● **Exercise details**:
Exact copies of all the records below should be returned.
Start of Provided records
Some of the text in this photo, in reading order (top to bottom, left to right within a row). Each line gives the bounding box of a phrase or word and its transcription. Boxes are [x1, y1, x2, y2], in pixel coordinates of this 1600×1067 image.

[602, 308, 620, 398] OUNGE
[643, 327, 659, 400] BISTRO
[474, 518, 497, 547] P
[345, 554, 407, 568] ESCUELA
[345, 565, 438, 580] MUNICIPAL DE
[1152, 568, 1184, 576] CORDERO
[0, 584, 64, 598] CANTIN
End of Provided records
● **Response**:
Some of the text in this photo, in reading order (top to bottom, left to right within a row). Each line gives the bounding box of a phrase or word and its transcription. Boxes are [x1, y1, x2, y2], in pixel coordinates of this 1600×1067 image.

[602, 308, 620, 398] OUNGE
[643, 327, 659, 400] BISTRO
[474, 518, 497, 547] P
[345, 554, 407, 568] ESCUELA
[345, 565, 438, 580] MUNICIPAL DE
[1152, 568, 1184, 576] CORDERO
[0, 584, 64, 598] CANTIN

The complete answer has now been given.